Anthologie féminine/Mme Le Prince de Beaumont

Anthologie féminineBureau des causeries familières (p. 148-157).

Mme DE BEAUMONT (Marie Le Prince)

(1711-1780)


Née à Rouen, elle est l’auteur du Magasin des enfants et de la suite, dite Magasin des adolescentes, ouvrage par dialogues qui fit le bonheur de nos mères dans un temps où les livres pour les enfants étaient excessivement rares. Celui-là était un traité de morale récréatif et instructif. Il a été réédité encore en 1850. Son succès a donc duré près de cent ans. Quel est le livre, aujourd’hui, qui peut se vanter d’être réédité dans un siècle ? et surtout de valoir autant ?

Cet ouvrage ferait plus encore aujourd’hui pour l’éducation des enfants que tous les Verne et les Hetzel parus et à paraître.
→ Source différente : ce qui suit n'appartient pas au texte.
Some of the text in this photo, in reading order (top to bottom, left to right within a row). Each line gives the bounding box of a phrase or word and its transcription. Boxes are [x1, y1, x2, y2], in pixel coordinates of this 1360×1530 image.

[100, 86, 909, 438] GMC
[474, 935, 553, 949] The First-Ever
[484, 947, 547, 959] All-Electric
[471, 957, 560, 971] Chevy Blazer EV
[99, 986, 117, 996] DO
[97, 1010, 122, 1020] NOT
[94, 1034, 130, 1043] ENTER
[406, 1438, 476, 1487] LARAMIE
Mme de Beaumont, longtemps institutrice en Angleterre, écrivit d’abord son livre en anglais, de là certains termes qui font croire à une traduction. C’est un dialogue entre une institutrice et ses élèves, lesquelles amènent des amies de tout âge. Non seulement les jeunes filles répètent leurs leçons de géographie, d’histoire, etc., mais elles causent avec leur institutrice un peu sur tout. C’est un véritable cours pédagogique qui est fait en causeries.
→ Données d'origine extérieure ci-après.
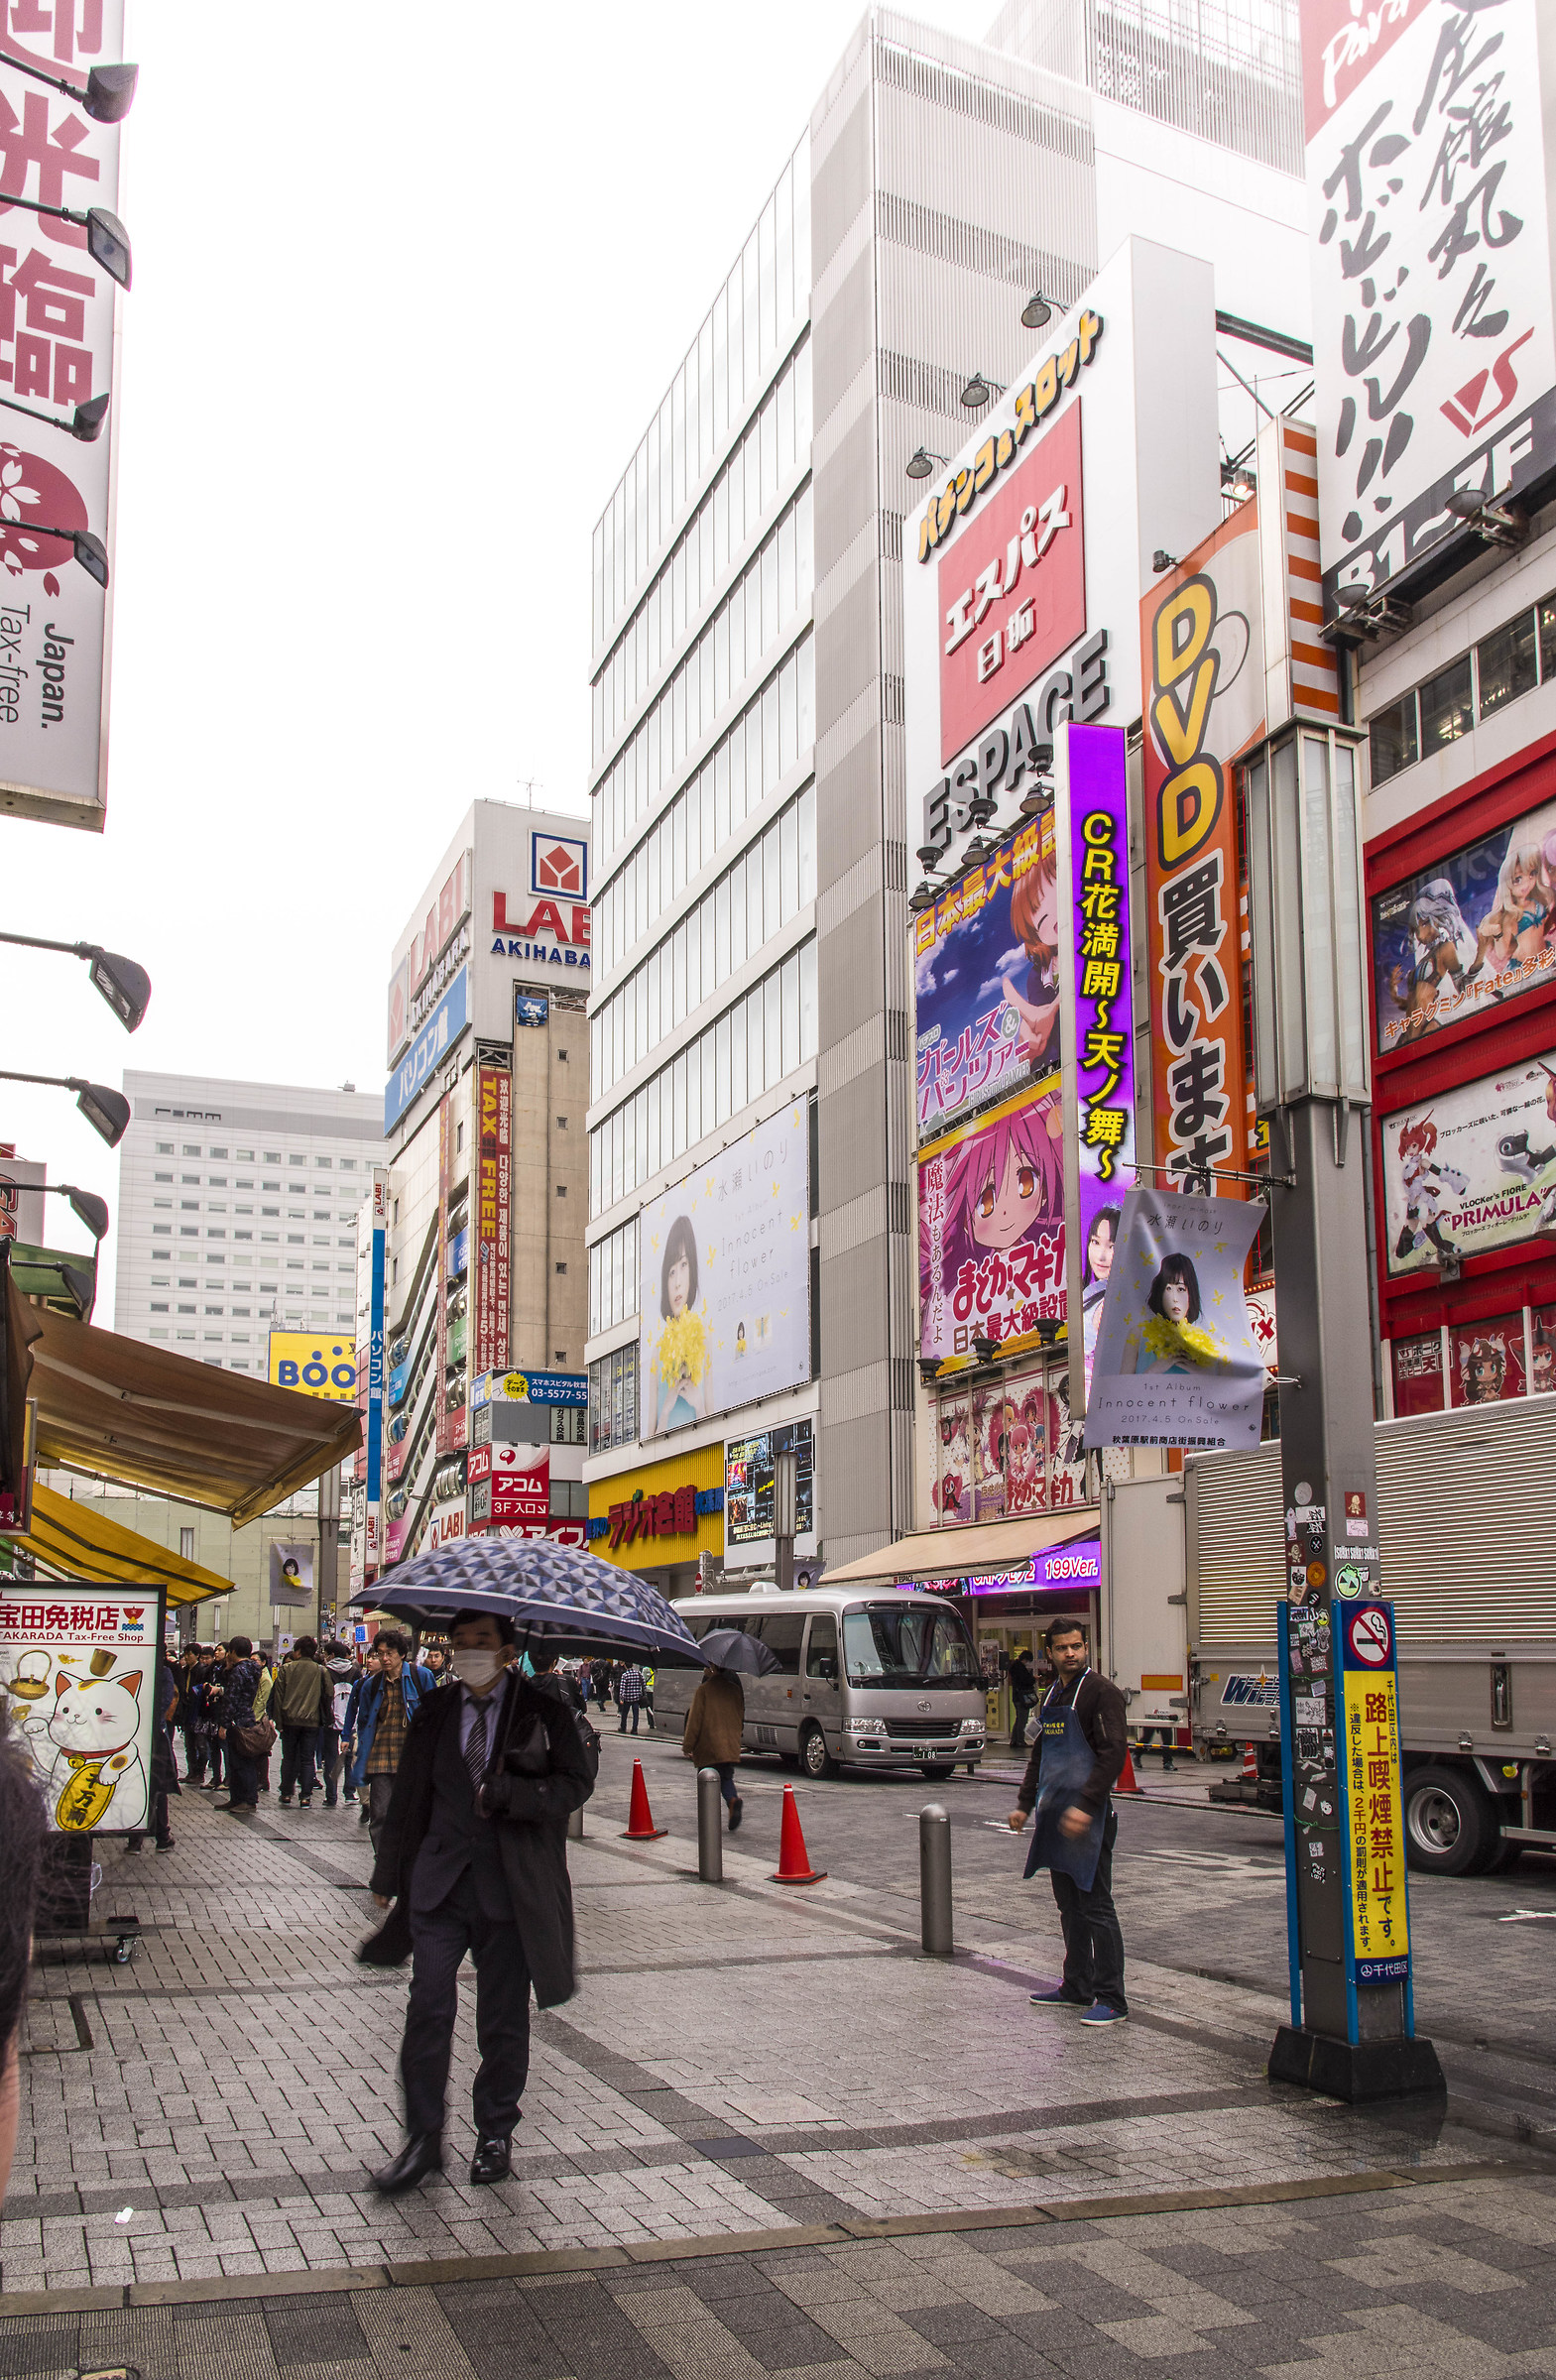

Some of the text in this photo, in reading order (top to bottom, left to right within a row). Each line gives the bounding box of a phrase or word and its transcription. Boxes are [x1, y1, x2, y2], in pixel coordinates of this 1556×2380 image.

[918, 309, 1103, 562] パチンコ&スロット
[945, 484, 1072, 655] エスパス
[977, 598, 1036, 684] 日拓
[41, 621, 75, 732] Japan.
[923, 629, 1111, 853] ESPACE
[411, 852, 466, 1003] LABI
[399, 1005, 448, 1107] パソコン館
[481, 1077, 497, 1238] TAX FREE
[717, 1137, 788, 1202] 水瀬いのり
[1501, 1183, 1527, 1197] FIORE
[1147, 1213, 1223, 1236] 水瀬いのり
[926, 1162, 945, 1344] 魔法もあるんだよ
[370, 1330, 382, 1399] パソコン館
[507, 1378, 526, 1387] データ
[532, 1388, 588, 1400] 03-5577-55
[1166, 1382, 1201, 1391] Album
[1098, 1395, 1250, 1411] Innocent flower
[576, 1409, 585, 1442] 液晶交換
[1195, 1416, 1220, 1426] Sale
[469, 1451, 489, 1480] アコム
[498, 1477, 543, 1493] アコム
[494, 1502, 511, 1513] 3F
[515, 1502, 536, 1514] 入口
[608, 1485, 697, 1549] ラジオ会館
[440, 1511, 463, 1542] LABI
[898, 1575, 913, 1584] ESPACE
[1044, 1556, 1099, 1581] 199Ver.
[67, 1631, 115, 1642] Tax-Free
[117, 1632, 144, 1642] Shop
[1365, 1691, 1395, 1948] 路上喫煙禁止です。
[1374, 1960, 1408, 1977] 千代田区
AVERTISSEMENT DU SECOND VOLUME

Le bon accueil qu’on a fait au Magasin des enfants, tant à Londres que dans les pays étrangers, m’a déterminée à donner celui des Adolescentes.
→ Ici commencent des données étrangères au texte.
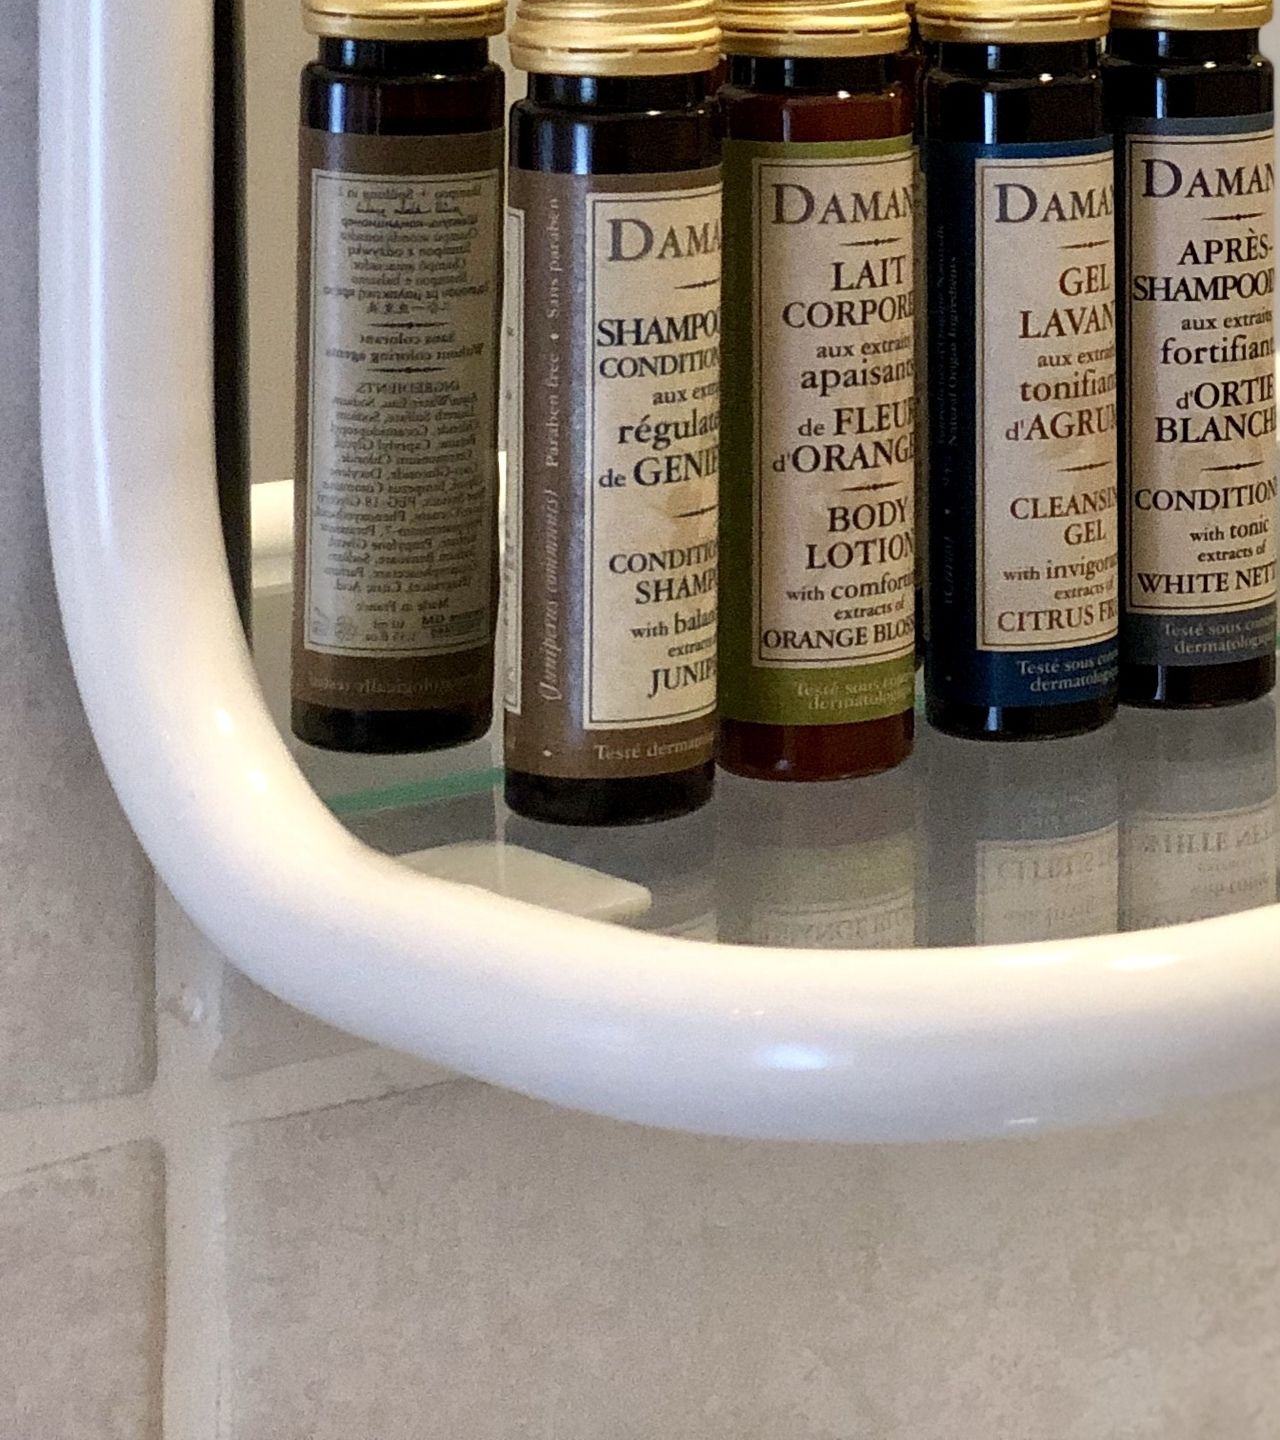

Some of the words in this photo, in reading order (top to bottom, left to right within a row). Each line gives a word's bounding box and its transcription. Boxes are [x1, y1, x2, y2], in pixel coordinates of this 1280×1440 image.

[993, 182, 1114, 223] DAMA
[545, 196, 563, 272] paraben
[1177, 227, 1273, 266] APRÈS-
[831, 254, 906, 291] LAIT
[1059, 263, 1110, 296] GEL
[545, 277, 560, 319] Sans
[1181, 315, 1217, 330] aux
[816, 342, 853, 359] aux
[1037, 352, 1072, 368] aux
[545, 353, 560, 388] free
[652, 389, 686, 405] aux
[545, 394, 560, 467] Paraben
[798, 417, 824, 437] de
[600, 468, 626, 488] de
[827, 495, 909, 533] BODY
[1064, 519, 1106, 546] GEL
[1189, 526, 1225, 542] with
[1230, 515, 1270, 540] tonic
[805, 528, 915, 571] LOTION
[1198, 545, 1253, 563] extracts
[1256, 539, 1266, 556] of
[1003, 566, 1040, 582] with
[1137, 571, 1229, 595] WHITE
[786, 585, 824, 602] with
[1054, 582, 1104, 601] extracts
[833, 602, 893, 621] extracts
[998, 604, 1093, 633] CITRUS
[630, 623, 669, 640] with
[763, 627, 868, 650] ORANGE
De toutes les années de la vie, les plus dangereuses commencent à quatorze et quinze ans. C’est à cet âge qu’une jeune personne entre dans le monde, où elle prend, pour ainsi dire, une nouvelle manière d’exister. Toutes ses passions, contraires dans l’enfance, cherchent alors à se développer, à s’autoriser par l’exemple des nouveaux personnages avec lesquels elle commence à figurer. En lui supposant la meilleure éducation, il est à craindre que les impressions n’en soient effacées par celles que font les maximes dangereuses et corrompues qu’elle entend alors. Que ne doit-on pas craindre pour celle qui n’apporte dans ce pays, si nouveau pour elle, que des passions indomptées ou flattées, une ignorance totale, des préjugés puérils, pour ne rien dire de pis ? Sa perte devient inévitable.

On est surpris de voir augmenter tous les jours le nombre des femmes méprisables ; un peu de réflexion, et l’on s’étonnera plus sensément de ce qu’on en trouve encore un si grand nombre de vertueuses.

N’écoutons point l’amour-propre dans l’éternel panégyrique qu’il nous fait de nous-mêmes. Jetons les yeux sur notre cœur, et avouons de bonne foi que nous trouvons en nous le germe de tous les vices, l’estime de tous les faux biens, la haine de la contrainte, l’amour de la liberté, qui touche à celui du libertinage. C’est avec toutes ces dispositions aux maladies mortelles de l’âme que nous nous jetons sans précaution au milieu d’un air pestiféré sans le moindre préservatif. Faut-il s’étonner des chutes fréquentes qui frappent et effrayent le spectateur.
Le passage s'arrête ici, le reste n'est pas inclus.